--- WORK REQUIRED ---
Copy every record below, exactly as written.

[Phrase grounding data]
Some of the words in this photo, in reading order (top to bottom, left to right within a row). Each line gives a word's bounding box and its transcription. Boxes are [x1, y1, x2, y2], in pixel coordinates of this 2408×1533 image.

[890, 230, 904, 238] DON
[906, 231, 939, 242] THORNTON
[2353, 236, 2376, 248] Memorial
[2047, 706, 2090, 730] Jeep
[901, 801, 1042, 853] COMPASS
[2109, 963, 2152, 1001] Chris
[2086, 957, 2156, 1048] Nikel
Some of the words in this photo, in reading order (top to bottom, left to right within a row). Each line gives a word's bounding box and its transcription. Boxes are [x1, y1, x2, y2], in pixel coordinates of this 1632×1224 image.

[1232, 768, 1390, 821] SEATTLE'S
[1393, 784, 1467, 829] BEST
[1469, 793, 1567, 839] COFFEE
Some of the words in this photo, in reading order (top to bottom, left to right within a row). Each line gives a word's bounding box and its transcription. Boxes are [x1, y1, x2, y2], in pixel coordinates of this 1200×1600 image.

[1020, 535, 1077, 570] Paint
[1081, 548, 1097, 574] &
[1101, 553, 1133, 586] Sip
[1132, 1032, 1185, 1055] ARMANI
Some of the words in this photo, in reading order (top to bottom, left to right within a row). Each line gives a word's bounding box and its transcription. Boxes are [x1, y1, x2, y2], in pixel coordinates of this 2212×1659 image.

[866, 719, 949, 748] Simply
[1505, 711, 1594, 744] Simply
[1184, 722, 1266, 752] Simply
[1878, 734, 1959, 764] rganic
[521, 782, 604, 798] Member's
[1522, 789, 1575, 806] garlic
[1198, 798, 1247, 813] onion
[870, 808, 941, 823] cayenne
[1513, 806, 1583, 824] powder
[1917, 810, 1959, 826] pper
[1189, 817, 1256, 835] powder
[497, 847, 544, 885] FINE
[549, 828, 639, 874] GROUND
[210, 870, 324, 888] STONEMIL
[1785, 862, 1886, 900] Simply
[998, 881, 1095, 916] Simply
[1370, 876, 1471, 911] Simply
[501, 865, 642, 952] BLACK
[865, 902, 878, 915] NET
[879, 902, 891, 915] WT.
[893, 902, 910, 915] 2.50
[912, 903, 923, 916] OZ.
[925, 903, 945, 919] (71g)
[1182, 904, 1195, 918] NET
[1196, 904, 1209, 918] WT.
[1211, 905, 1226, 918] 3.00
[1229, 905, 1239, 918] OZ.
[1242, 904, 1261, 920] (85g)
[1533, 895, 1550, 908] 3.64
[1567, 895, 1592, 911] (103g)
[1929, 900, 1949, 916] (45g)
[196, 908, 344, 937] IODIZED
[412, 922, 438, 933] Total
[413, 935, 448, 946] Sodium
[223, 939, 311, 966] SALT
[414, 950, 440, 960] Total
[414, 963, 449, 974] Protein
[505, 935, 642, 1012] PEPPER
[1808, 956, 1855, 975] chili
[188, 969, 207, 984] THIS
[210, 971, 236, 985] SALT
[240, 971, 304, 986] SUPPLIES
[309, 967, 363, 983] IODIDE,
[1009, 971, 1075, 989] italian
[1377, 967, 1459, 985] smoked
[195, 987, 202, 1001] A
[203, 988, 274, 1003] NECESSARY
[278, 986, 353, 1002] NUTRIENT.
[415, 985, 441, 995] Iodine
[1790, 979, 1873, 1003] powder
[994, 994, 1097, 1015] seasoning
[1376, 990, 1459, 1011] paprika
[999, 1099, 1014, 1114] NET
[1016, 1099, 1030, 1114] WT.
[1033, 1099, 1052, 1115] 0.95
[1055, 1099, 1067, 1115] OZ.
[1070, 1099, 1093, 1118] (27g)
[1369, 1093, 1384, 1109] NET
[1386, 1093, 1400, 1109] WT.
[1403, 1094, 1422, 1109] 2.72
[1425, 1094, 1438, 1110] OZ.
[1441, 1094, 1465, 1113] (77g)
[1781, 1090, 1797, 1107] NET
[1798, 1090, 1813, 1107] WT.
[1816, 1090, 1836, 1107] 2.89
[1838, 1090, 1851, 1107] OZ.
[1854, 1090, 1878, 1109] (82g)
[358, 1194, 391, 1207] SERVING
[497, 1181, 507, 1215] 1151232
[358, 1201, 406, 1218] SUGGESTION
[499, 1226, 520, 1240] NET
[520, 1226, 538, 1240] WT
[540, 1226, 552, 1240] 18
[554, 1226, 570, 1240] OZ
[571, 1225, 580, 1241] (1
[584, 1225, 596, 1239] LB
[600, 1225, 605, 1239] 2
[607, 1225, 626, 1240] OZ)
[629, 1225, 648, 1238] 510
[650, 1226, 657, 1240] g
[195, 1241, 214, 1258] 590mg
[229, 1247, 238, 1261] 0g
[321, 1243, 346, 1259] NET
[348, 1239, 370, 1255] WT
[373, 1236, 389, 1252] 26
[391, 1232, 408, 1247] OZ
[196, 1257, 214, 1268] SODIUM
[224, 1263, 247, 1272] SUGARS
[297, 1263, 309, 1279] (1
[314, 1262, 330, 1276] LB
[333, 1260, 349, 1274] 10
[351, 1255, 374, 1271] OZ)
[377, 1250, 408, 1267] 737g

--- ANSWER SPACE ---
Some of the words in this photo, in reading order (top to bottom, left to right within a row). Each line gives a word's bounding box and its transcription. Boxes are [x1, y1, x2, y2], in pixel coordinates of this 2408×1533 image.

[890, 230, 904, 238] DON
[906, 231, 939, 242] THORNTON
[2353, 236, 2376, 248] Memorial
[2047, 706, 2090, 730] Jeep
[901, 801, 1042, 853] COMPASS
[2109, 963, 2152, 1001] Chris
[2086, 957, 2156, 1048] Nikel
Some of the words in this photo, in reading order (top to bottom, left to right within a row). Each line gives a word's bounding box and its transcription. Boxes are [x1, y1, x2, y2], in pixel coordinates of this 1632×1224 image.

[1232, 768, 1390, 821] SEATTLE'S
[1393, 784, 1467, 829] BEST
[1469, 793, 1567, 839] COFFEE
Some of the words in this photo, in reading order (top to bottom, left to right within a row). Each line gives a word's bounding box and its transcription. Boxes are [x1, y1, x2, y2], in pixel coordinates of this 1200×1600 image.

[1020, 535, 1077, 570] Paint
[1081, 548, 1097, 574] &
[1101, 553, 1133, 586] Sip
[1132, 1032, 1185, 1055] ARMANI
Some of the words in this photo, in reading order (top to bottom, left to right within a row). Each line gives a word's bounding box and its transcription. Boxes are [x1, y1, x2, y2], in pixel coordinates of this 2212×1659 image.

[866, 719, 949, 748] Simply
[1505, 711, 1594, 744] Simply
[1184, 722, 1266, 752] Simply
[1878, 734, 1959, 764] rganic
[521, 782, 604, 798] Member's
[1522, 789, 1575, 806] garlic
[1198, 798, 1247, 813] onion
[870, 808, 941, 823] cayenne
[1513, 806, 1583, 824] powder
[1917, 810, 1959, 826] pper
[1189, 817, 1256, 835] powder
[497, 847, 544, 885] FINE
[549, 828, 639, 874] GROUND
[210, 870, 324, 888] STONEMIL
[1785, 862, 1886, 900] Simply
[998, 881, 1095, 916] Simply
[1370, 876, 1471, 911] Simply
[501, 865, 642, 952] BLACK
[865, 902, 878, 915] NET
[879, 902, 891, 915] WT.
[893, 902, 910, 915] 2.50
[912, 903, 923, 916] OZ.
[925, 903, 945, 919] (71g)
[1182, 904, 1195, 918] NET
[1196, 904, 1209, 918] WT.
[1211, 905, 1226, 918] 3.00
[1229, 905, 1239, 918] OZ.
[1242, 904, 1261, 920] (85g)
[1533, 895, 1550, 908] 3.64
[1567, 895, 1592, 911] (103g)
[1929, 900, 1949, 916] (45g)
[196, 908, 344, 937] IODIZED
[412, 922, 438, 933] Total
[413, 935, 448, 946] Sodium
[223, 939, 311, 966] SALT
[414, 950, 440, 960] Total
[414, 963, 449, 974] Protein
[505, 935, 642, 1012] PEPPER
[1808, 956, 1855, 975] chili
[188, 969, 207, 984] THIS
[210, 971, 236, 985] SALT
[240, 971, 304, 986] SUPPLIES
[309, 967, 363, 983] IODIDE,
[1009, 971, 1075, 989] italian
[1377, 967, 1459, 985] smoked
[195, 987, 202, 1001] A
[203, 988, 274, 1003] NECESSARY
[278, 986, 353, 1002] NUTRIENT.
[415, 985, 441, 995] Iodine
[1790, 979, 1873, 1003] powder
[994, 994, 1097, 1015] seasoning
[1376, 990, 1459, 1011] paprika
[999, 1099, 1014, 1114] NET
[1016, 1099, 1030, 1114] WT.
[1033, 1099, 1052, 1115] 0.95
[1055, 1099, 1067, 1115] OZ.
[1070, 1099, 1093, 1118] (27g)
[1369, 1093, 1384, 1109] NET
[1386, 1093, 1400, 1109] WT.
[1403, 1094, 1422, 1109] 2.72
[1425, 1094, 1438, 1110] OZ.
[1441, 1094, 1465, 1113] (77g)
[1781, 1090, 1797, 1107] NET
[1798, 1090, 1813, 1107] WT.
[1816, 1090, 1836, 1107] 2.89
[1838, 1090, 1851, 1107] OZ.
[1854, 1090, 1878, 1109] (82g)
[358, 1194, 391, 1207] SERVING
[497, 1181, 507, 1215] 1151232
[358, 1201, 406, 1218] SUGGESTION
[499, 1226, 520, 1240] NET
[520, 1226, 538, 1240] WT
[540, 1226, 552, 1240] 18
[554, 1226, 570, 1240] OZ
[571, 1225, 580, 1241] (1
[584, 1225, 596, 1239] LB
[600, 1225, 605, 1239] 2
[607, 1225, 626, 1240] OZ)
[629, 1225, 648, 1238] 510
[650, 1226, 657, 1240] g
[195, 1241, 214, 1258] 590mg
[229, 1247, 238, 1261] 0g
[321, 1243, 346, 1259] NET
[348, 1239, 370, 1255] WT
[373, 1236, 389, 1252] 26
[391, 1232, 408, 1247] OZ
[196, 1257, 214, 1268] SODIUM
[224, 1263, 247, 1272] SUGARS
[297, 1263, 309, 1279] (1
[314, 1262, 330, 1276] LB
[333, 1260, 349, 1274] 10
[351, 1255, 374, 1271] OZ)
[377, 1250, 408, 1267] 737g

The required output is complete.